## Your task
Reproduce the records that follow exactly; any picture among them stays out.

## Supplied records

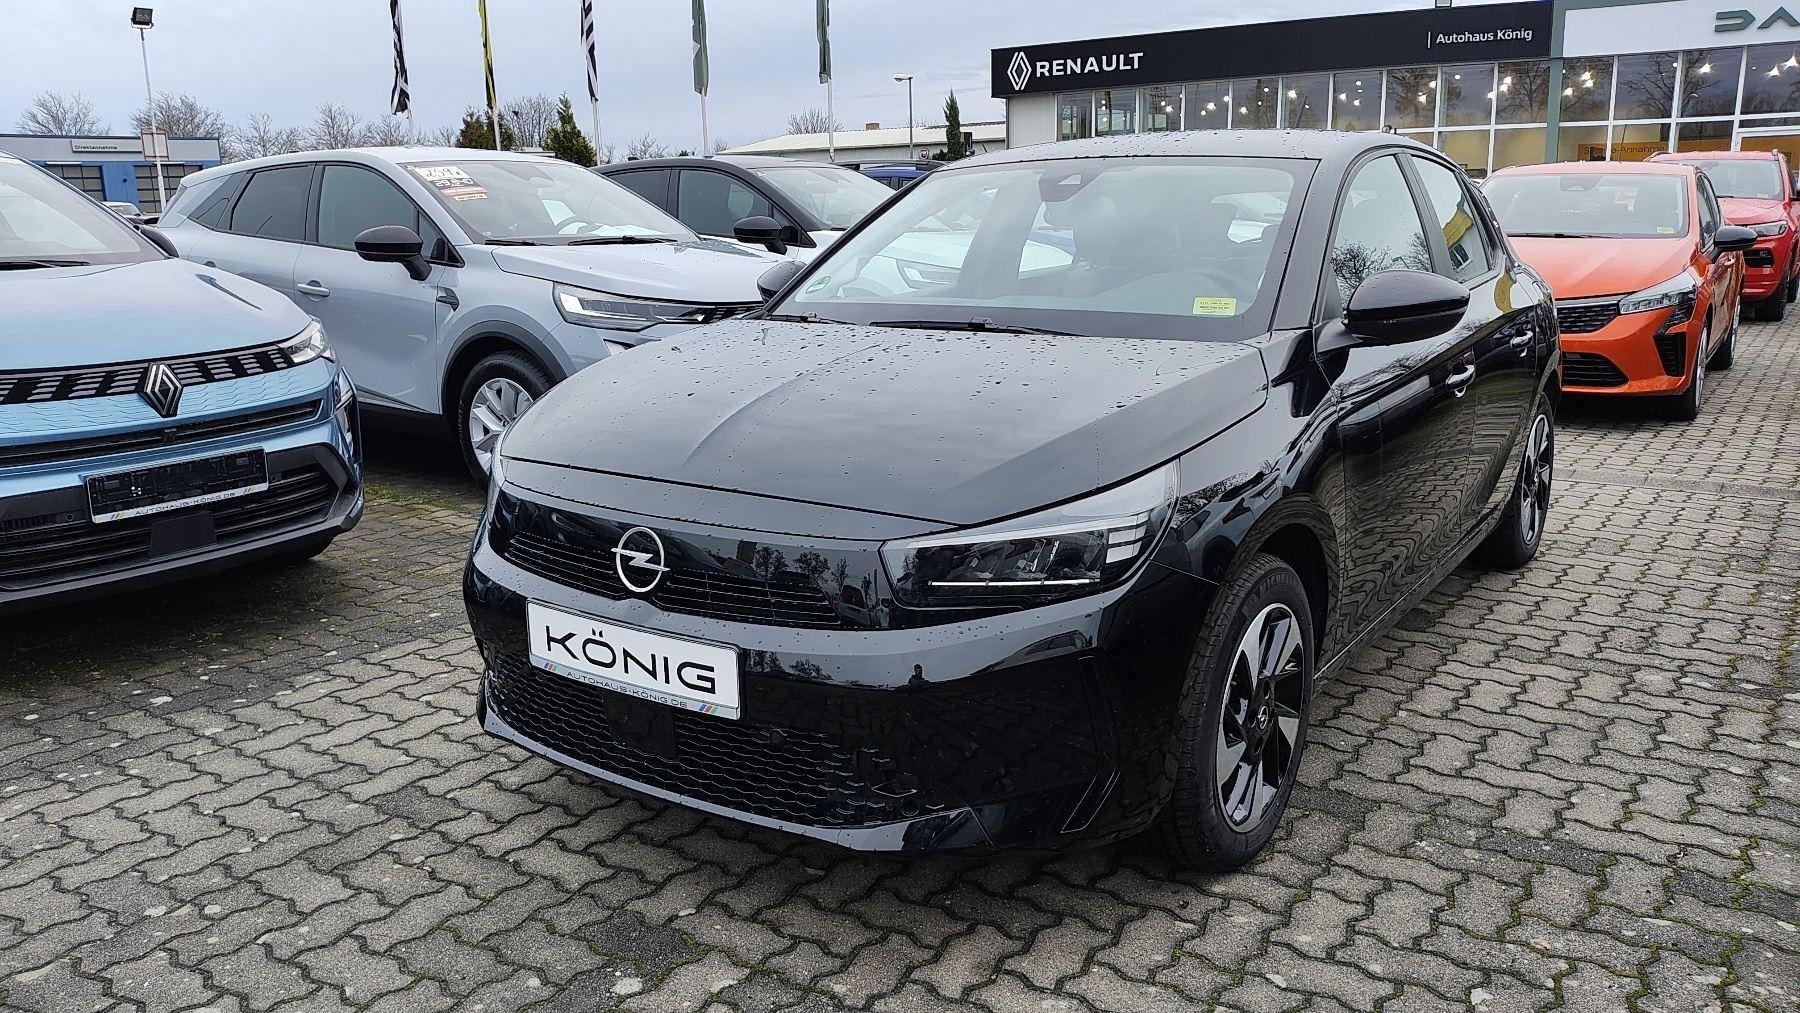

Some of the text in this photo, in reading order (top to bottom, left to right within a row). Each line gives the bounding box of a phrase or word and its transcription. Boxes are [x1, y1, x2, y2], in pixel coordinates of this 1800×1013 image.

[1435, 28, 1533, 44] Autohaus König
[1036, 52, 1144, 78] RENAULT
[1584, 145, 1665, 155] Se-Annahme
[545, 625, 716, 695] KÖNIG
[566, 671, 688, 709] AUTOHAUS-KÖNIG.DE

## Output for this exercise
Some of the text in this photo, in reading order (top to bottom, left to right within a row). Each line gives the bounding box of a phrase or word and its transcription. Boxes are [x1, y1, x2, y2], in pixel coordinates of this 1800×1013 image.

[1435, 28, 1533, 44] Autohaus König
[1036, 52, 1144, 78] RENAULT
[1584, 145, 1665, 155] Se-Annahme
[545, 625, 716, 695] KÖNIG
[566, 671, 688, 709] AUTOHAUS-KÖNIG.DE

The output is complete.